Des progrès ont pourtant été constatés avec «une légère reprise des volumes au deuxième trimestre». Conjuguée à de plus faibles dépenses d’investissement, elle a permis d’atteindre à fin juin (sur douze mois) un ratio médian de cash-flow opérationnel sur dette de 13 % dans le secteur, contre seulement 4 % fin 2008.
Ceci étant, « nous pensons que la pression sur la liquidité sera de retour en 2010 du fait d’une faible profitabilité dans le secteur », avertit l’agence qui s’attend à une augmentation des besoins en fonds de roulement l’an prochain, voire dès la fin de cette année.
Bien entendu, S&P ne doute pas que les groupes concernés feront preuve de responsabilité avec des taux de distribution limités et des rachats d’actions mis entre parenthèses. Mais, en l’absence de reprise franche, cela ne devrait pas suffire à éliminer tous les risques.

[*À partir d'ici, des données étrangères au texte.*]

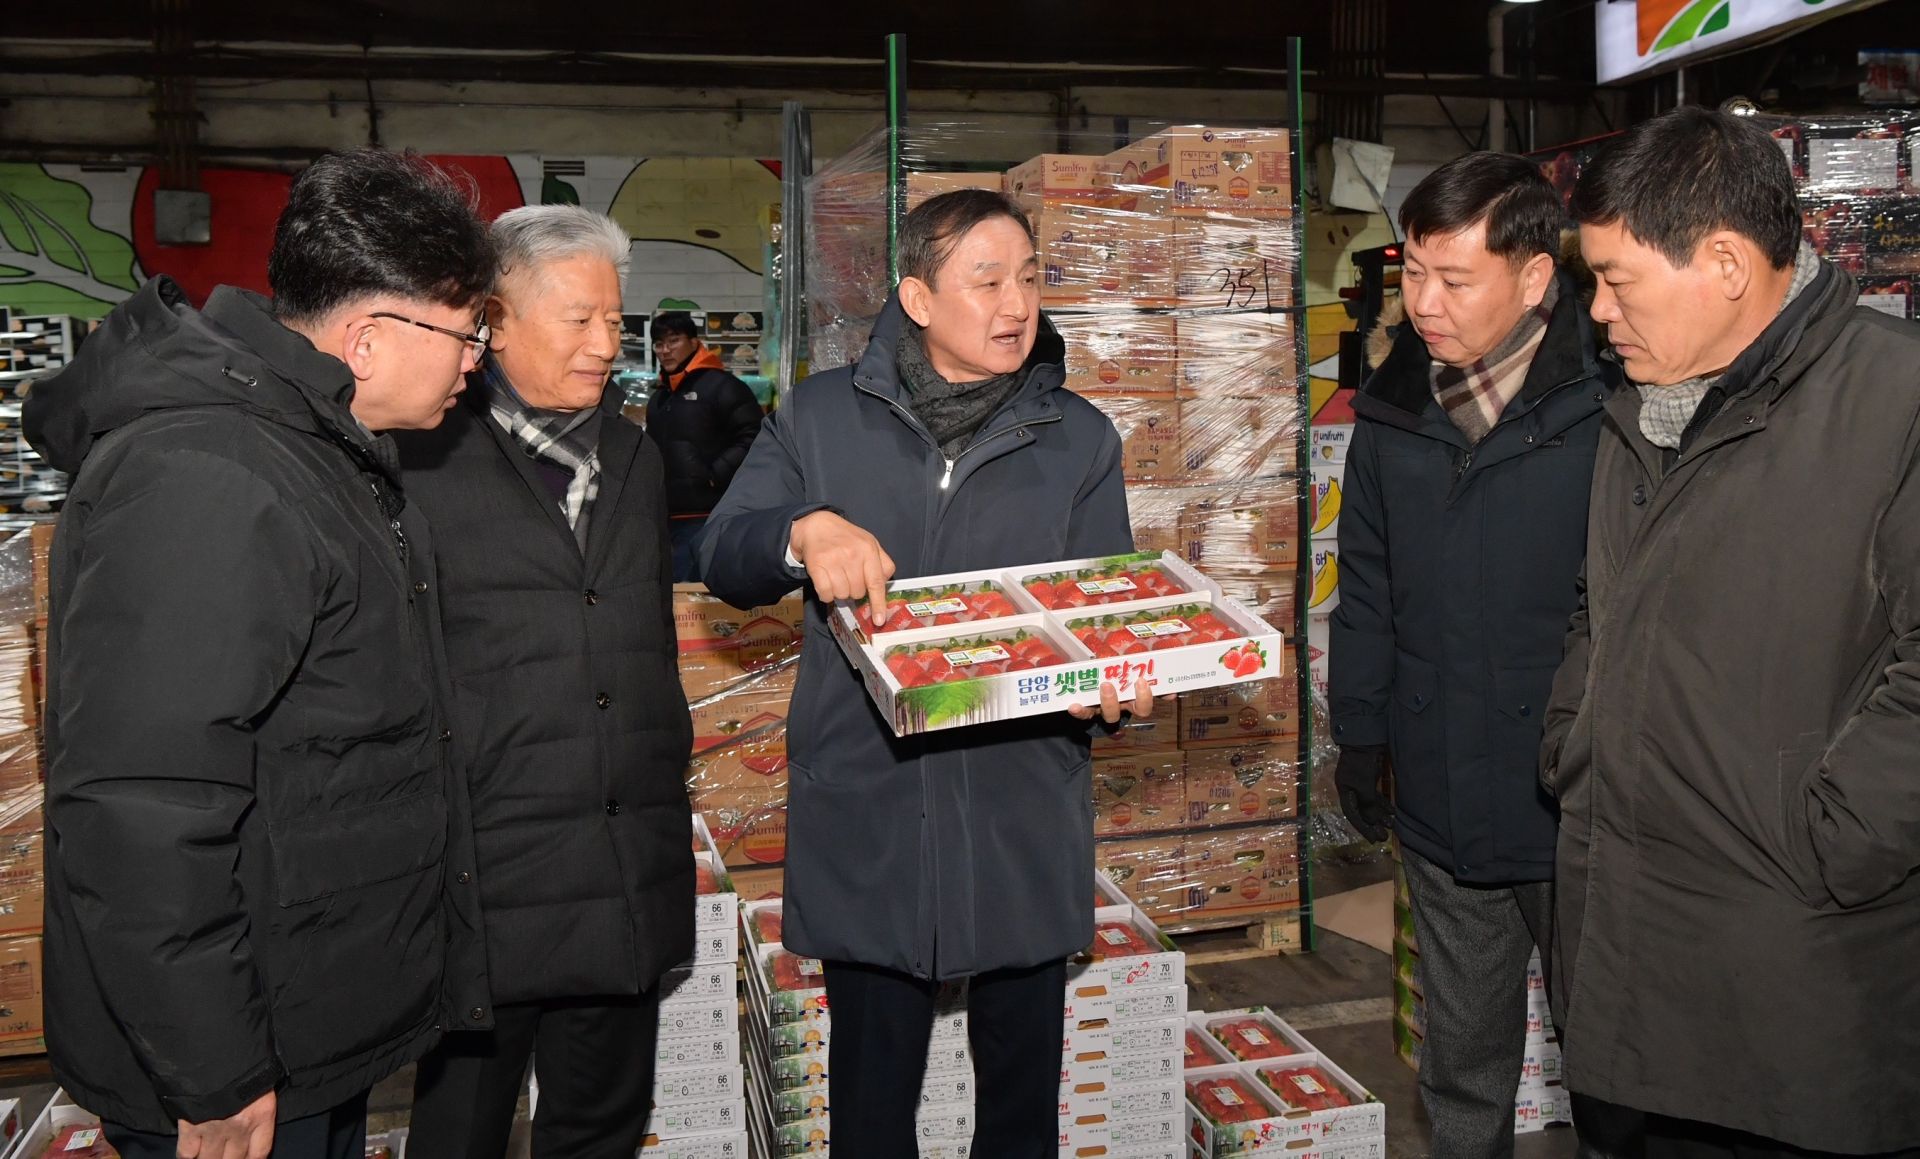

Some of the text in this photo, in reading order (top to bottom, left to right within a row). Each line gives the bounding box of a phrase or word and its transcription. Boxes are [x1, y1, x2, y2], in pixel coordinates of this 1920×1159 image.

Les possibilités de dégradations restent nombreuses avec environ 40 % de l’univers de notation sous perspective négative (dix émetteurs). Plus inquiétant encore, S&P juge «probables» de nouveaux défauts en 2010 : «en effet, historiquement nous avons observé une poursuite des défauts même lorsque l’économie commence à repartir comme en 2002 et 2003» (voir graphique). Il faut dire que dix groupes sont déjà en catégorie spéculative. Et la moitié d’entre eux font encore l’objet d’une perspective négative.